(Data records Opens)

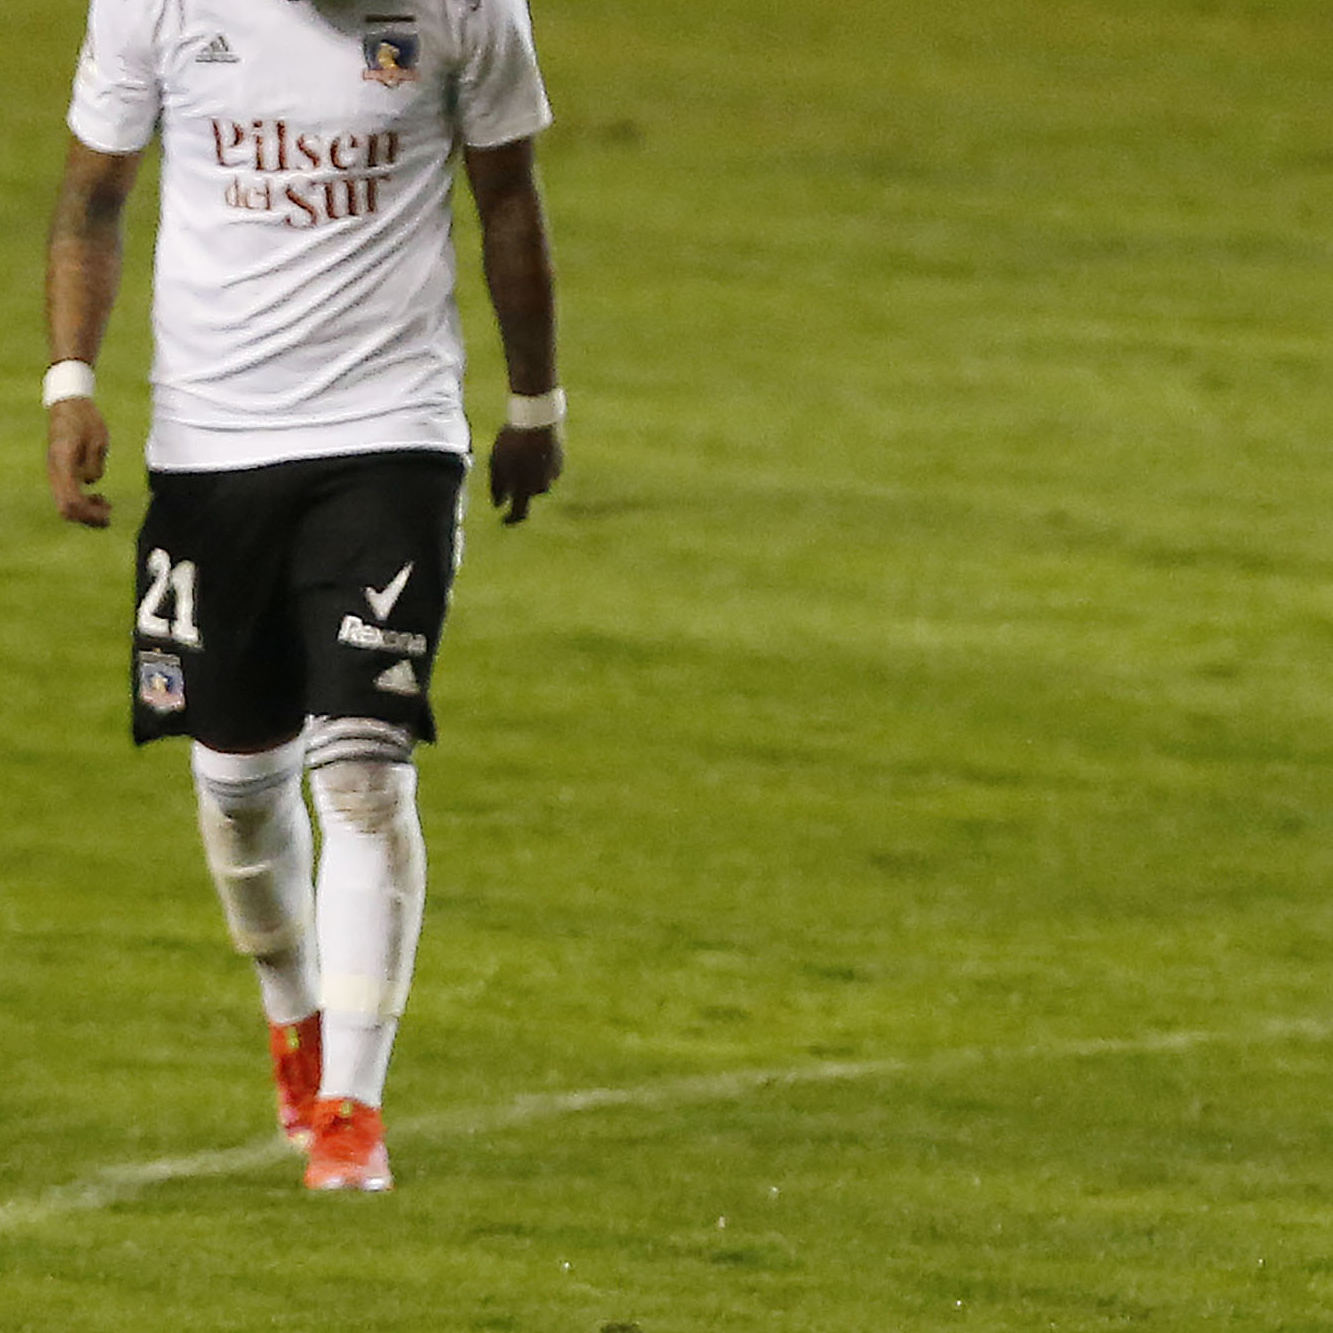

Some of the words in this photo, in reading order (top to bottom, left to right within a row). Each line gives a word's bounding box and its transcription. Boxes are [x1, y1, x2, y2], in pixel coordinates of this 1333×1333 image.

[210, 118, 400, 171] Pilsen
[225, 174, 272, 211] del
[284, 173, 391, 229] Sur
[137, 547, 200, 643] 21
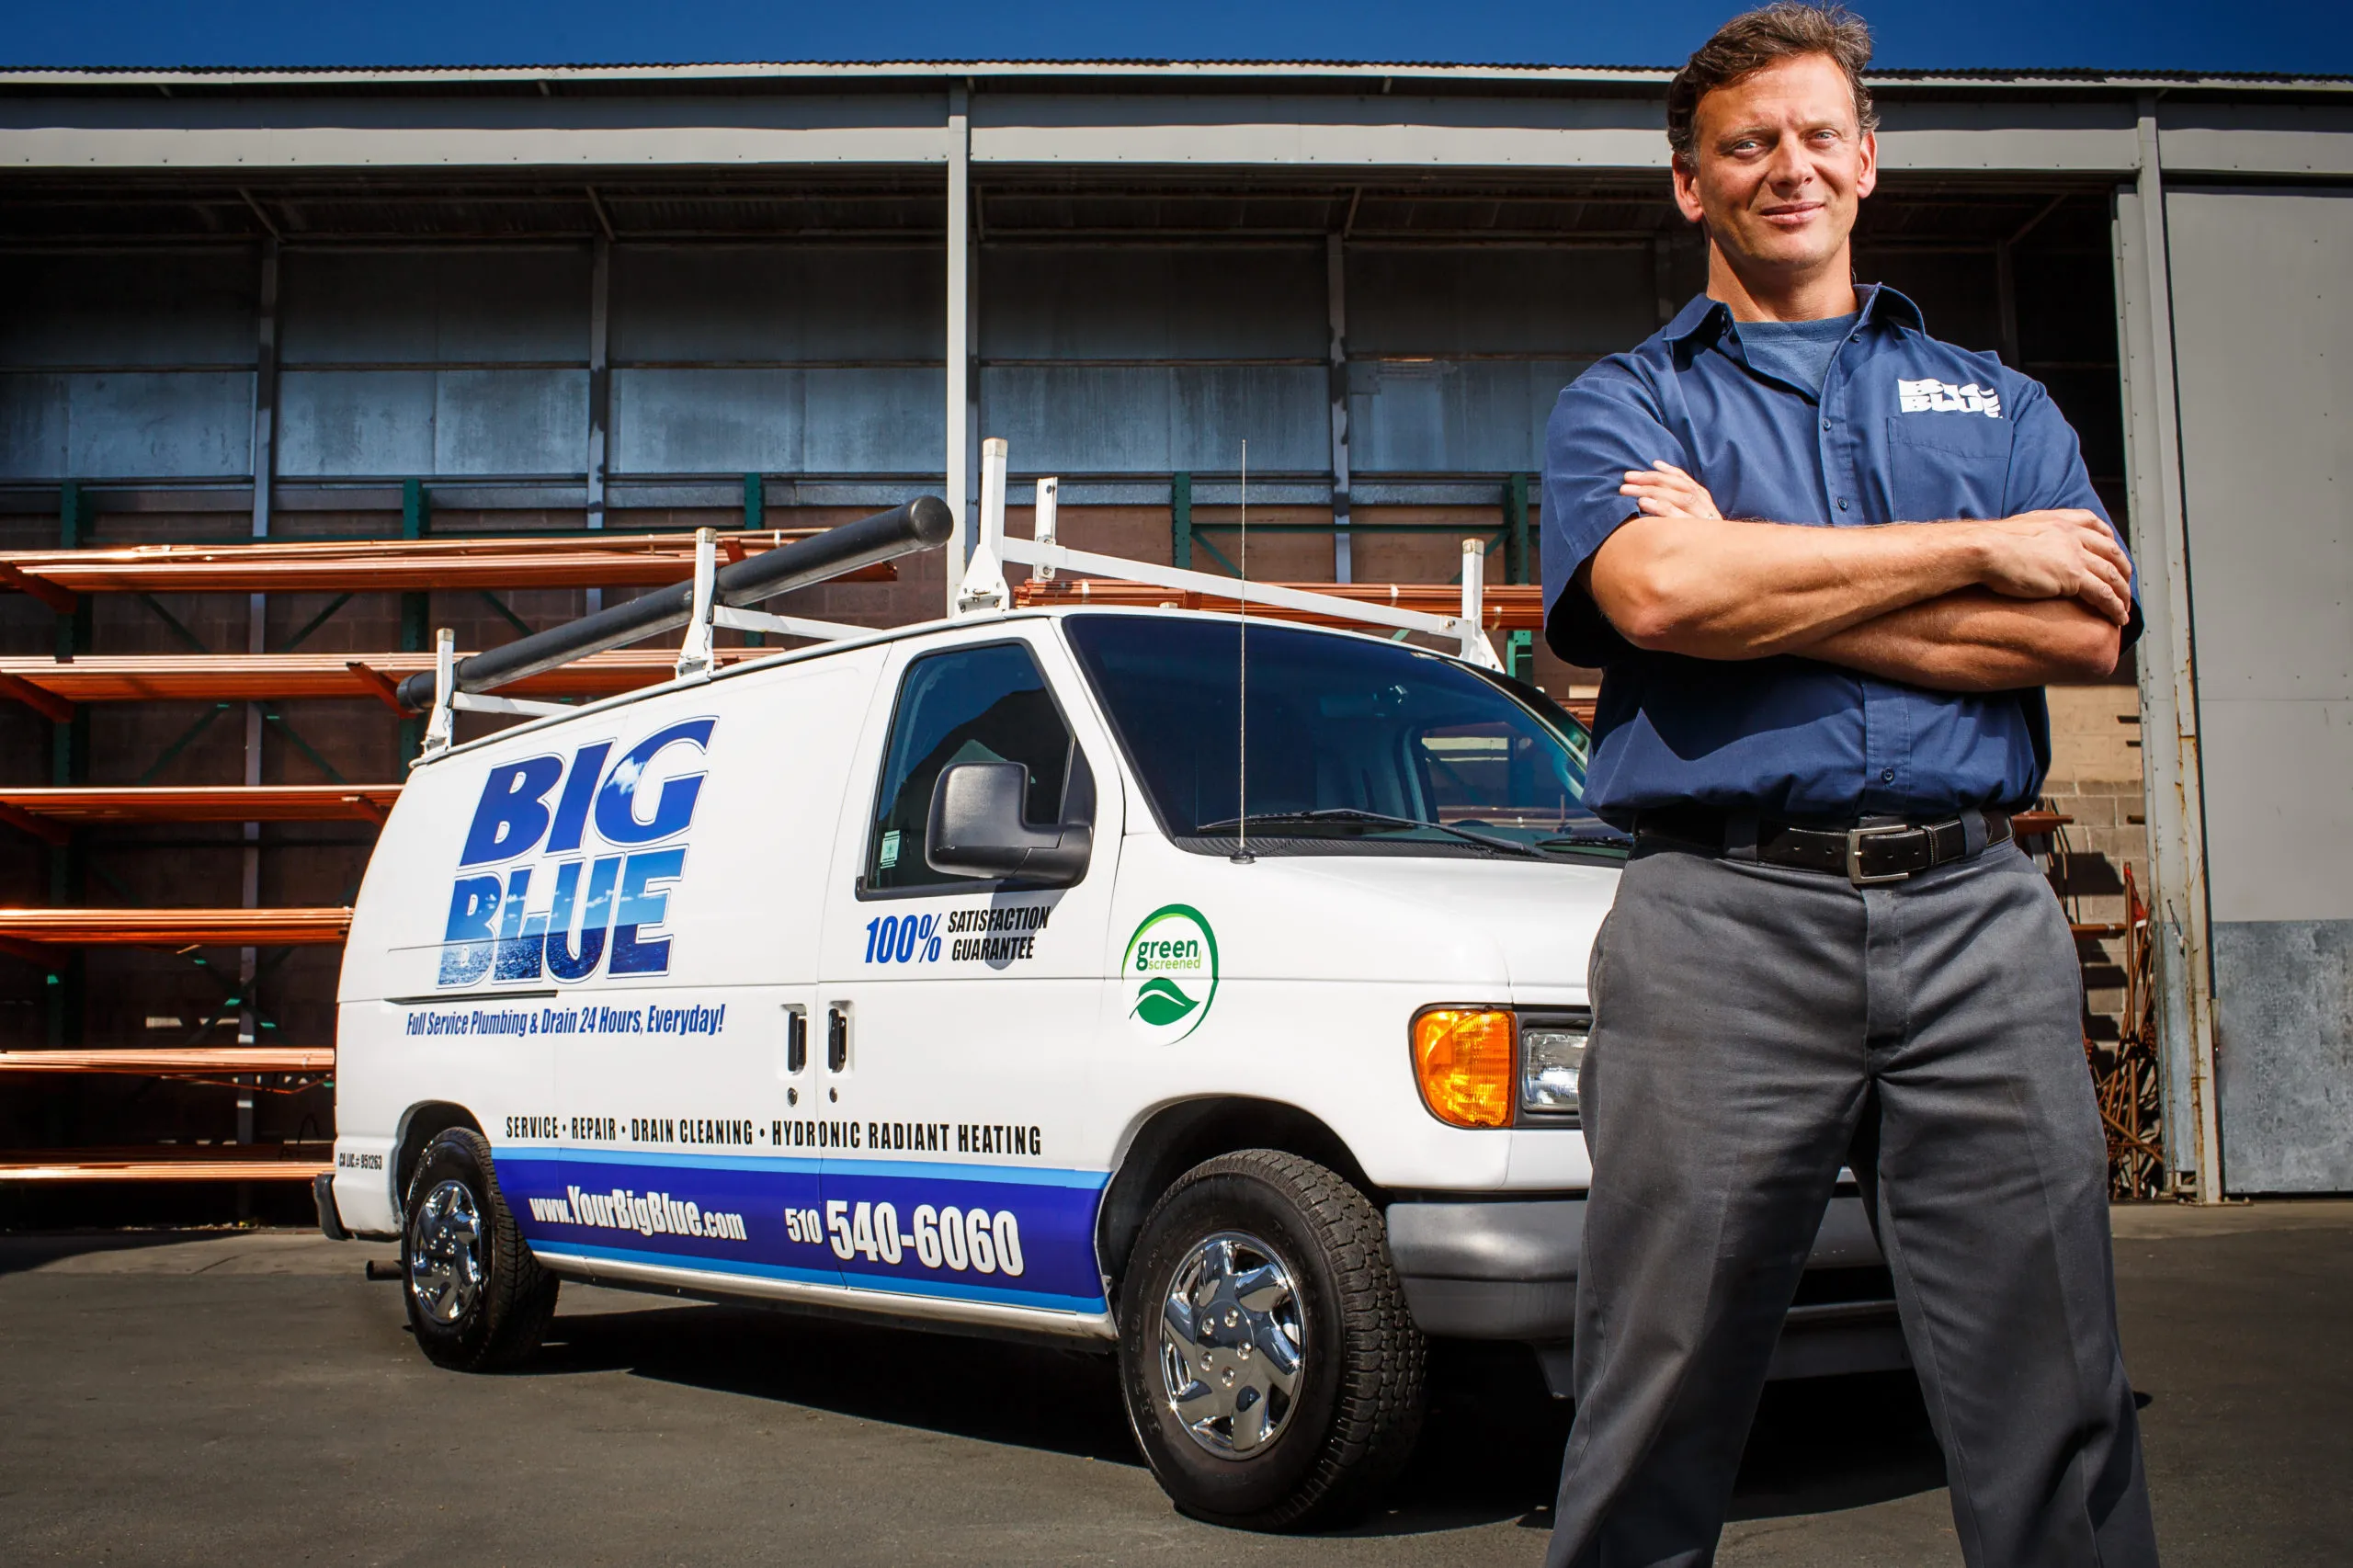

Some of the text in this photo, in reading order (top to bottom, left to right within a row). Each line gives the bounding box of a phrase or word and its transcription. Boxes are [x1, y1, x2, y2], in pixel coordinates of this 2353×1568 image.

(Data records Closes)

## Problem statement
Print every entry above verbatim but drop the images.

## Solution for this task
Some of the words in this photo, in reading order (top to bottom, left to right within a row). Each line gives a word's bounding box and its transcription. Boxes are [x1, y1, x2, y2], in pixel coordinates of this 1333×1333 image.

[210, 118, 400, 171] Pilsen
[225, 174, 272, 211] del
[284, 173, 391, 229] Sur
[137, 547, 200, 643] 21

Some of the text in this photo, in reading order (top to bottom, left to right within a row). Each line gives the bounding box of a phrase or word and its transcription. Boxes are [x1, y1, x2, y2], in pixel coordinates of this 2353×1568 image.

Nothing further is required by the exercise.